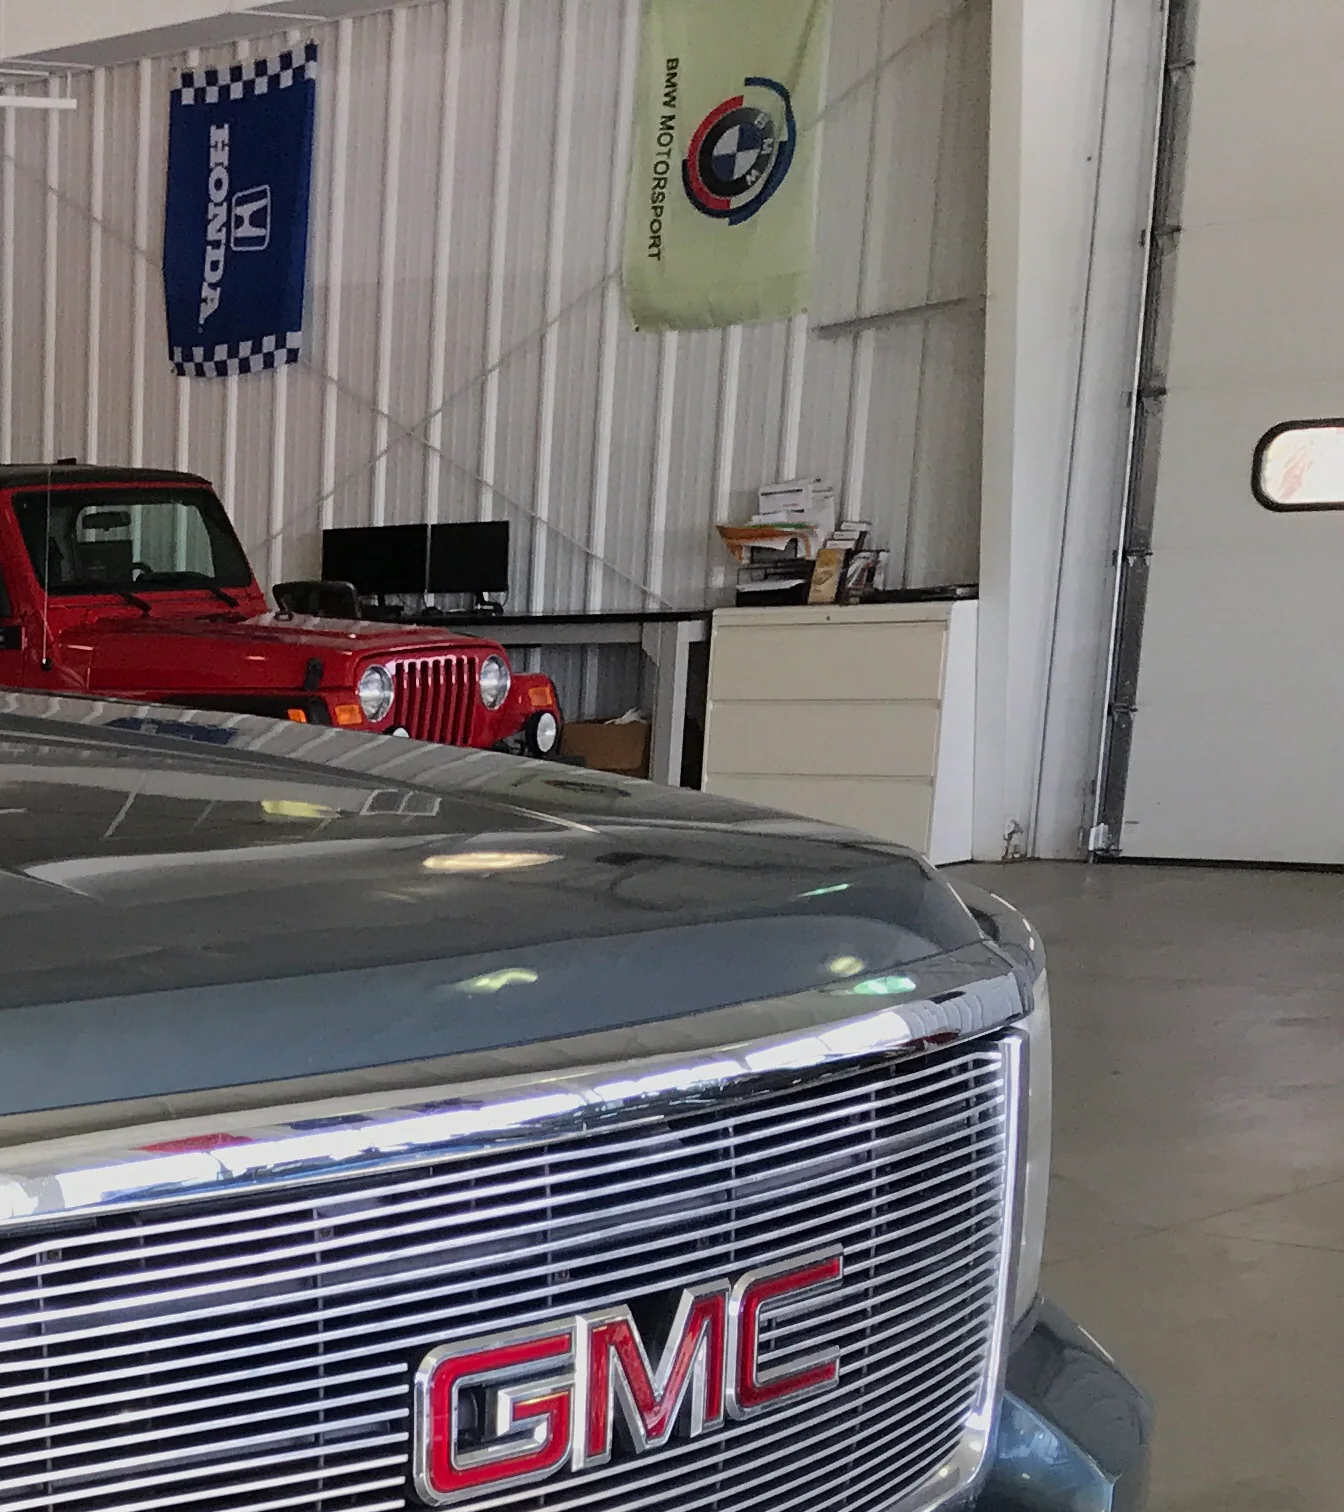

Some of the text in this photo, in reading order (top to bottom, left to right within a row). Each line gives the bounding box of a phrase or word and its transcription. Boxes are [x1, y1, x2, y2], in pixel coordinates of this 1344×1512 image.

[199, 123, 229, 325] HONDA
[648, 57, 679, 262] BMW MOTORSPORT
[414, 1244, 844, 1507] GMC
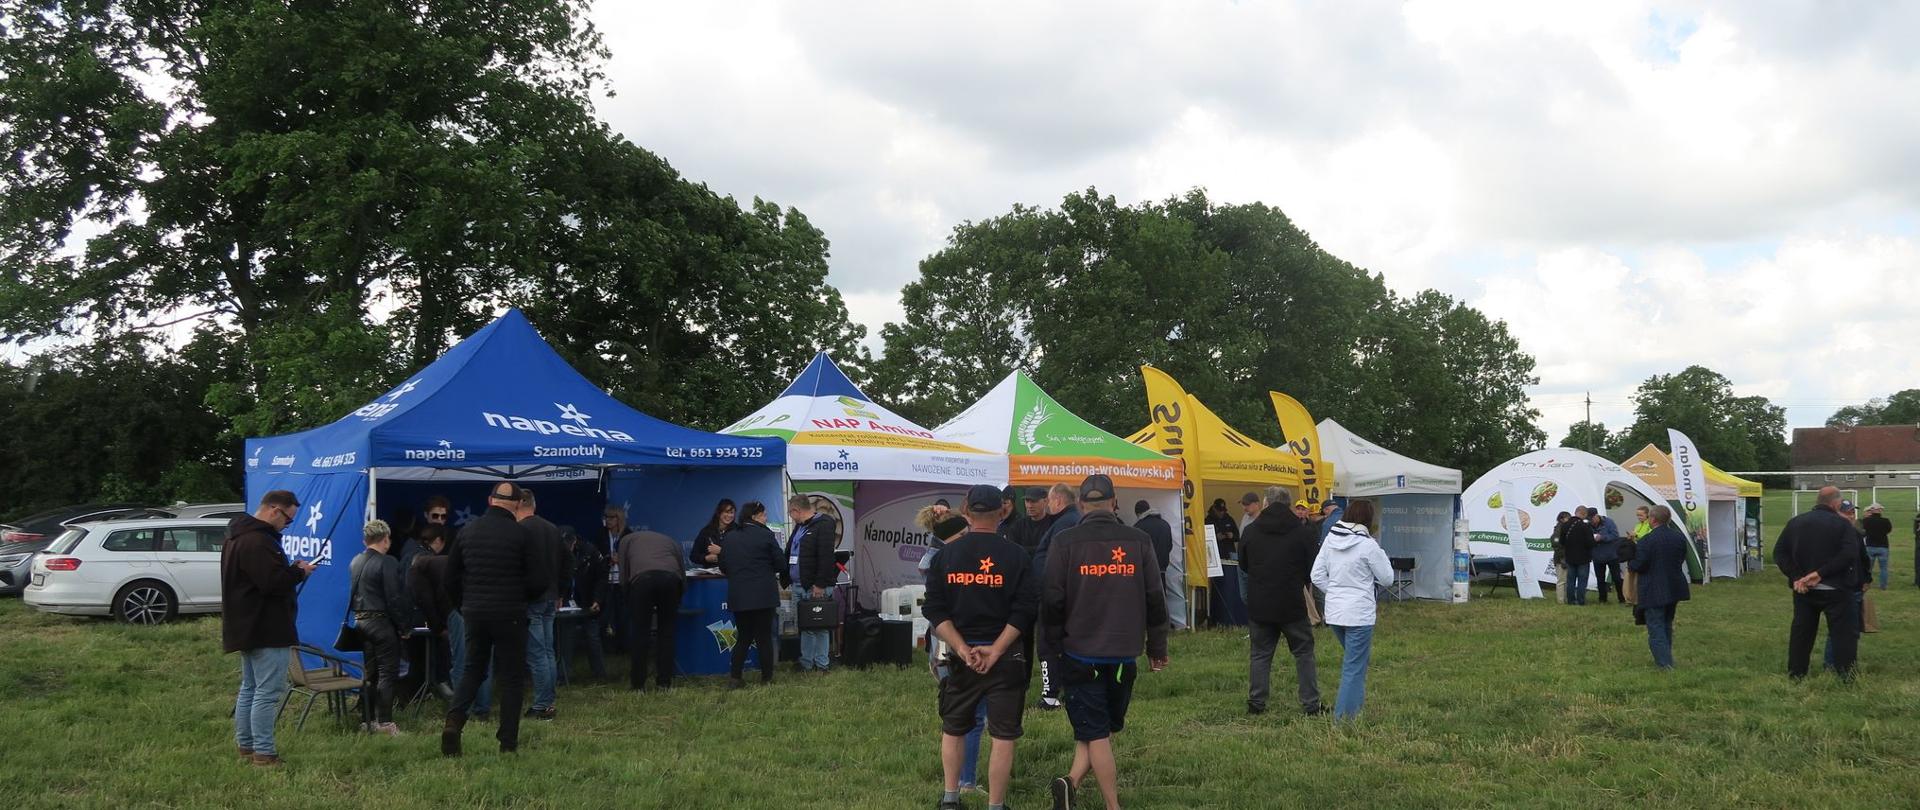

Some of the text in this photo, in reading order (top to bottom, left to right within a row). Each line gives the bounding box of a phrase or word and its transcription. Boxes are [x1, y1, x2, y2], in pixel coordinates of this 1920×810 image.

#### Task directions:
Leave the images out and give the rest of the data again exactly.

#### Exercise response:
Some of the text in this photo, in reading order (top to bottom, left to right within a row). Each line gives the bounding box of a phrase or word and its transcription. Boxes are [x1, y1, x2, y2], in pixel coordinates of this 1344×1512 image.

[199, 123, 229, 325] HONDA
[648, 57, 679, 262] BMW MOTORSPORT
[414, 1244, 844, 1507] GMC

Some of the text in this photo, in reading order (top to bottom, left to right within a row). Each line gives the bounding box of a phrase or word and its transcription. Boxes are [x1, y1, x2, y2], in pixel coordinates of this 1920×810 image.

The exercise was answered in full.